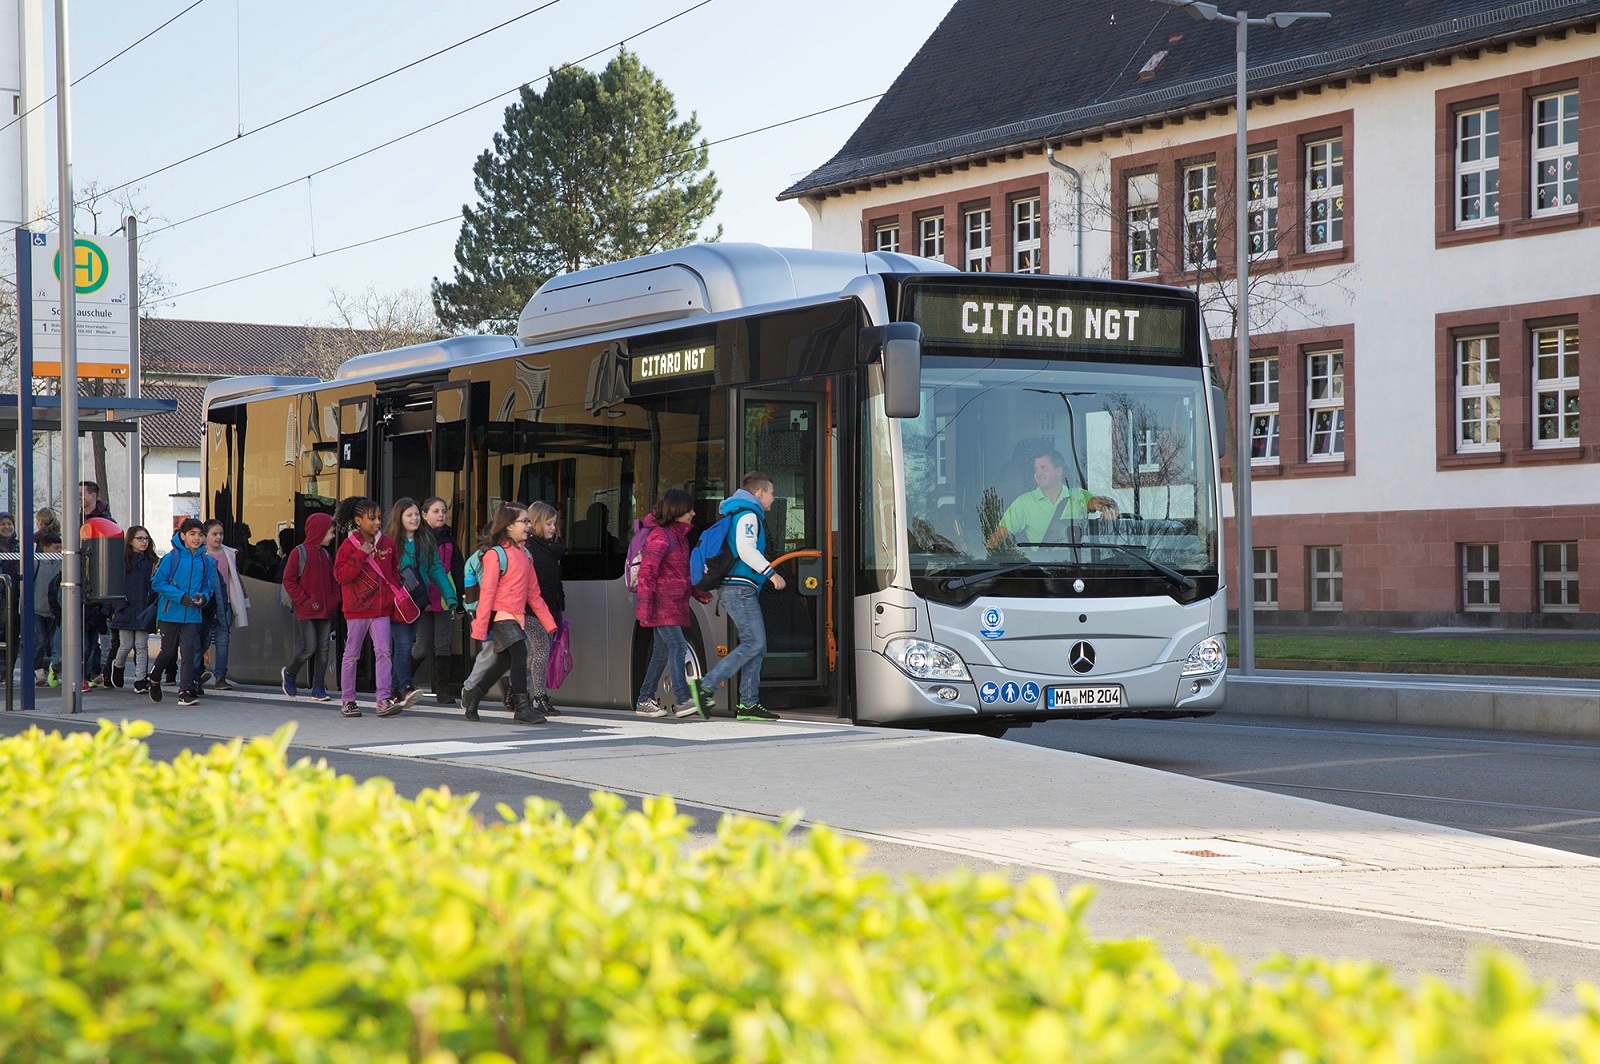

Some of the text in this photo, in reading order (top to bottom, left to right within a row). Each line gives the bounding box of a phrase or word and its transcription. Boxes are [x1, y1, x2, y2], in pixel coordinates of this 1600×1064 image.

[51, 307, 113, 318] Scauschule
[42, 323, 46, 332] 1
[962, 301, 1140, 341] CITARO NGT
[641, 348, 706, 378] CITARO NGT
[745, 524, 754, 535] K
[1056, 689, 1119, 704] MA MB 204
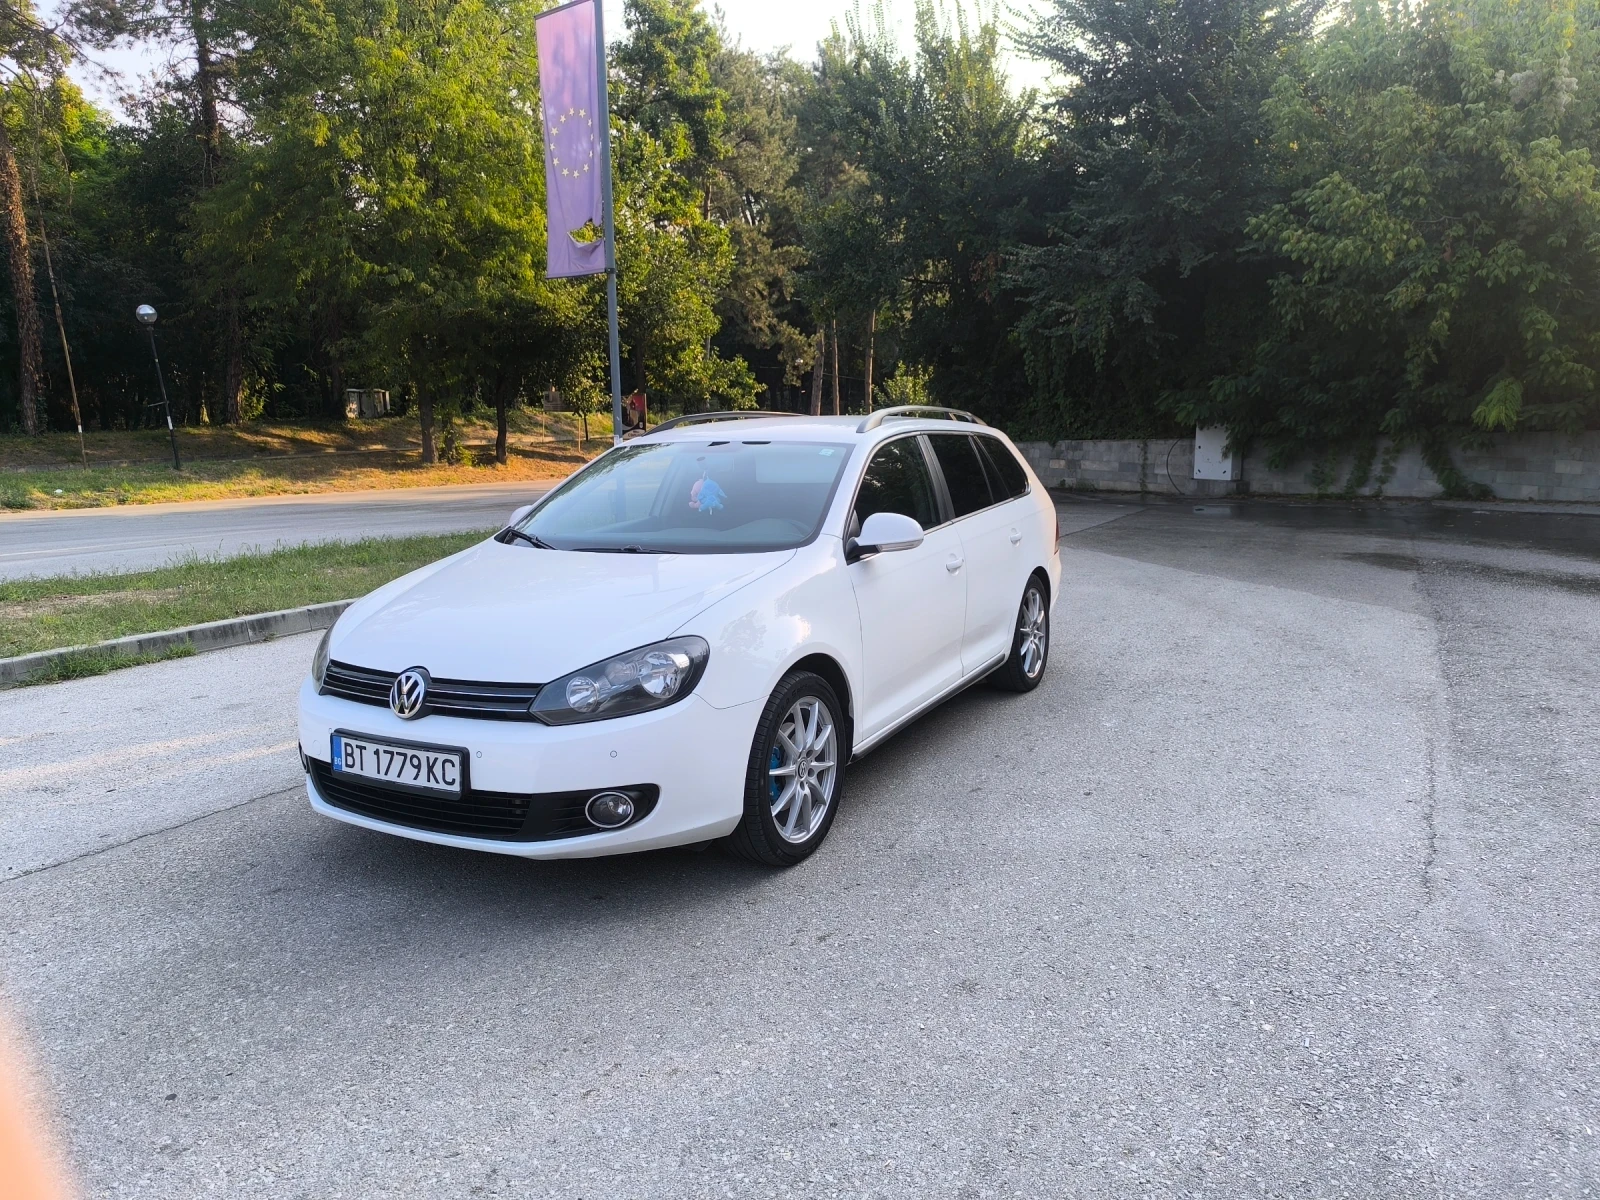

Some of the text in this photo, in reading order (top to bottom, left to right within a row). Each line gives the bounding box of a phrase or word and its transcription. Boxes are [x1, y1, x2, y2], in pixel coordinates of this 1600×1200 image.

[344, 742, 456, 786] BT 1779 KC

* [Directions]:
Omit every image. Quote each record exactly.

* [Answer to this problem]:
Some of the text in this photo, in reading order (top to bottom, left to right within a row). Each line gives the bounding box of a phrase or word and its transcription. Boxes are [x1, y1, x2, y2], in pixel coordinates of this 1600×1064 image.

[51, 307, 113, 318] Scauschule
[42, 323, 46, 332] 1
[962, 301, 1140, 341] CITARO NGT
[641, 348, 706, 378] CITARO NGT
[745, 524, 754, 535] K
[1056, 689, 1119, 704] MA MB 204

Some of the text in this photo, in reading order (top to bottom, left to right within a row). Each line gives the bounding box of a phrase or word and its transcription. Boxes are [x1, y1, x2, y2], in pixel coordinates of this 1600×1200 image.

[344, 742, 456, 786] BT 1779 KC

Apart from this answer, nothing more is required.